Task inputs:
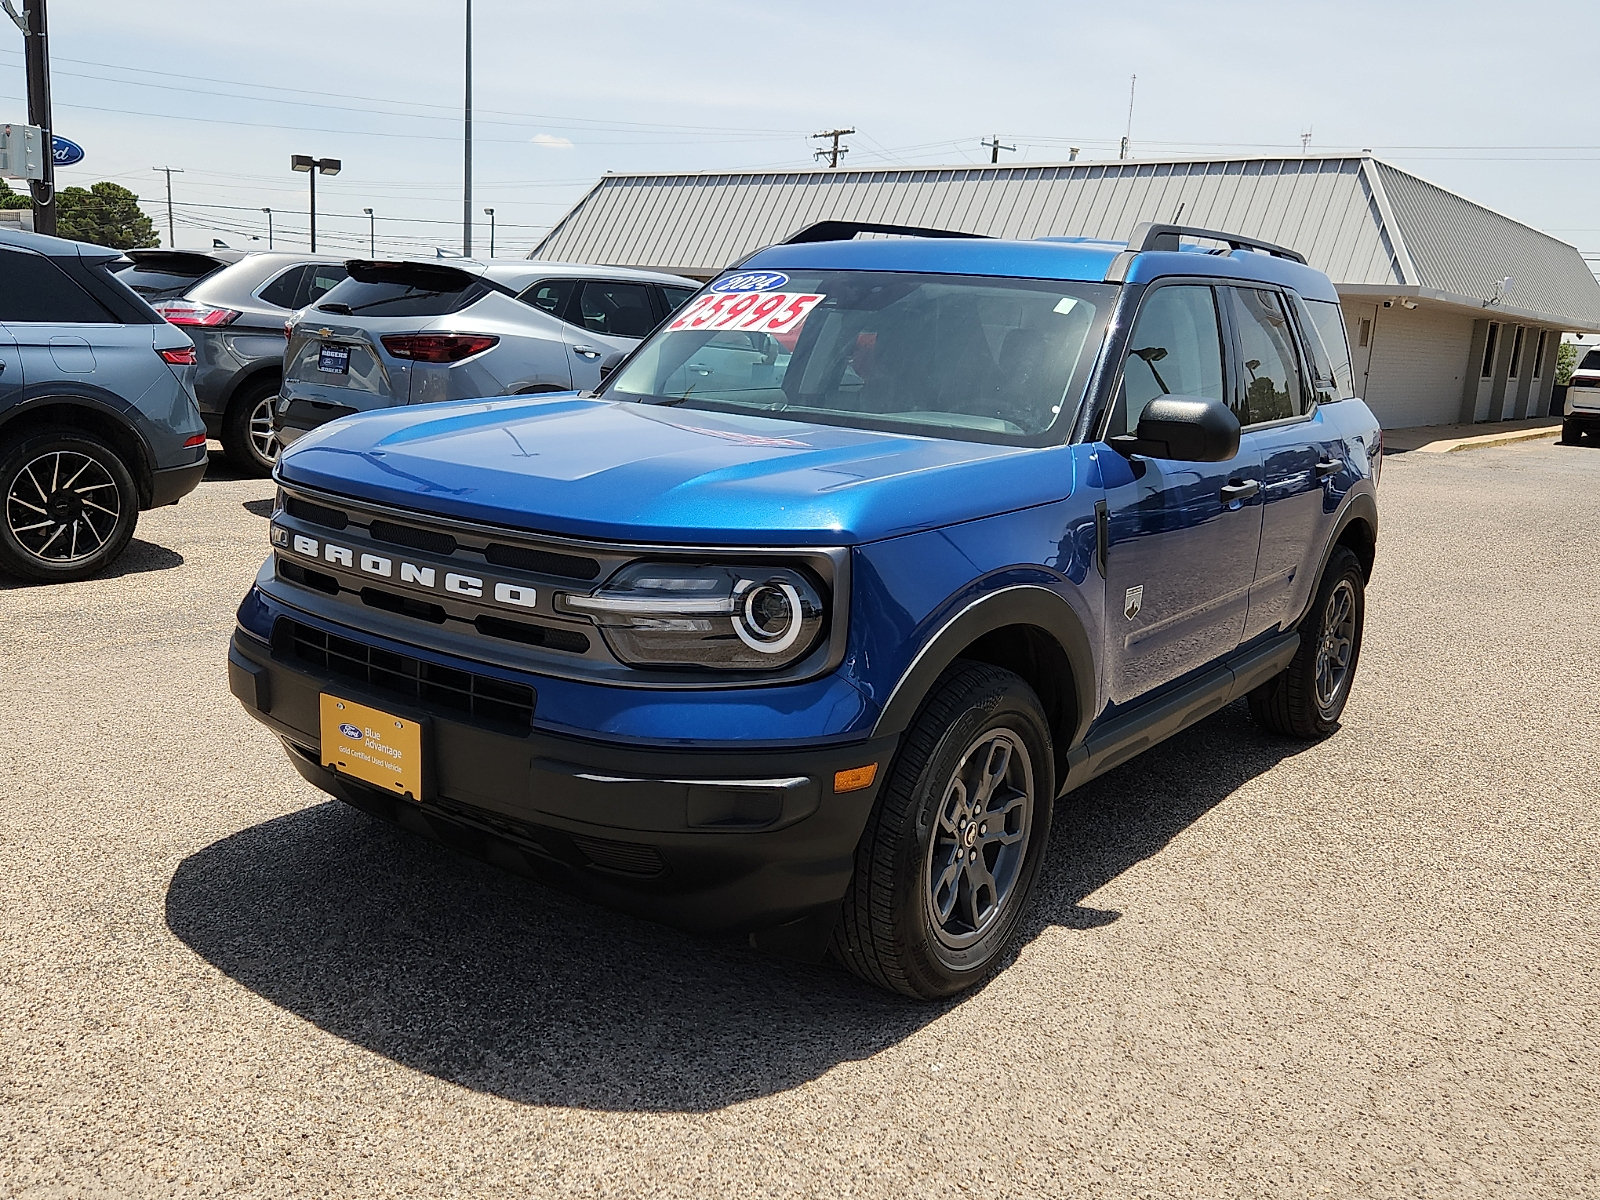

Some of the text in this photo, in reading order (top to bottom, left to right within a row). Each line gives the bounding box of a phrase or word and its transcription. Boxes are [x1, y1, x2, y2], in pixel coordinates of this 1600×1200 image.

[718, 275, 782, 291] 2024
[670, 294, 820, 329] 25995
[293, 534, 537, 608] BRONCO
[342, 724, 360, 738] Ford
[364, 727, 381, 741] Blue
[364, 738, 403, 759] Advantage
[338, 745, 403, 774] Gold Certified Used Vehicle
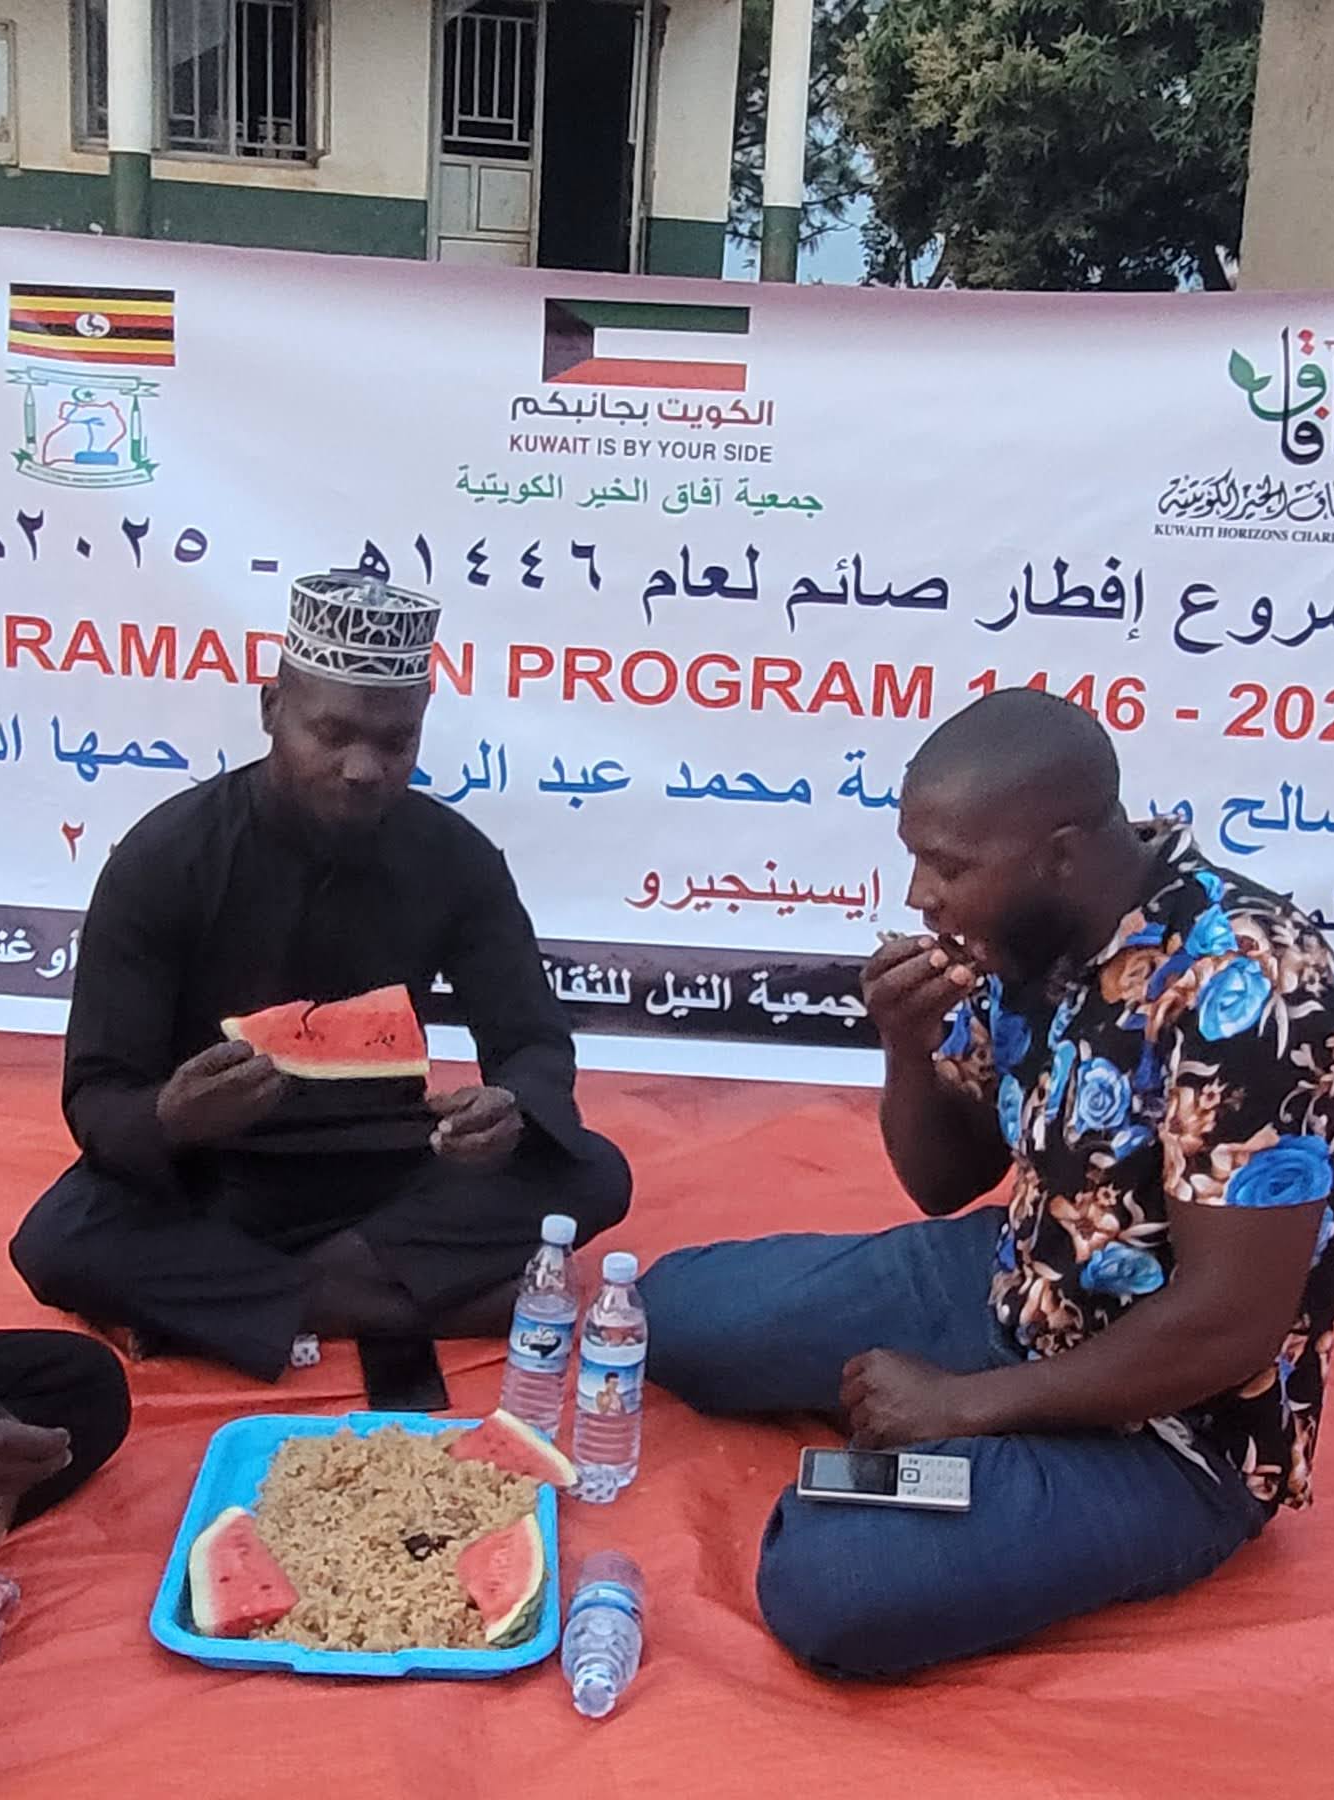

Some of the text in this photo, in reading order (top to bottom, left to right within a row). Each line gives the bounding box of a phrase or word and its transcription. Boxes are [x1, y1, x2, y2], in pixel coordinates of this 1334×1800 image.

Assignment: The reply should repeat the data in full, exactly as given, and contain no pictures.

Answer box:
Some of the text in this photo, in reading order (top to bottom, left to right within a row). Each line gives the bounding box of a phrase or word and its transcription. Boxes are [x1, y1, x2, y2], in pixel coordinates of this 1600×1200 image.

[718, 275, 782, 291] 2024
[670, 294, 820, 329] 25995
[293, 534, 537, 608] BRONCO
[342, 724, 360, 738] Ford
[364, 727, 381, 741] Blue
[364, 738, 403, 759] Advantage
[338, 745, 403, 774] Gold Certified Used Vehicle

Some of the text in this photo, in reading order (top to bottom, left to right within a row). Each line gives the bounding box of a phrase or word and its transcription. Boxes are [x1, y1, x2, y2], in pixel coordinates of this 1334×1800 image.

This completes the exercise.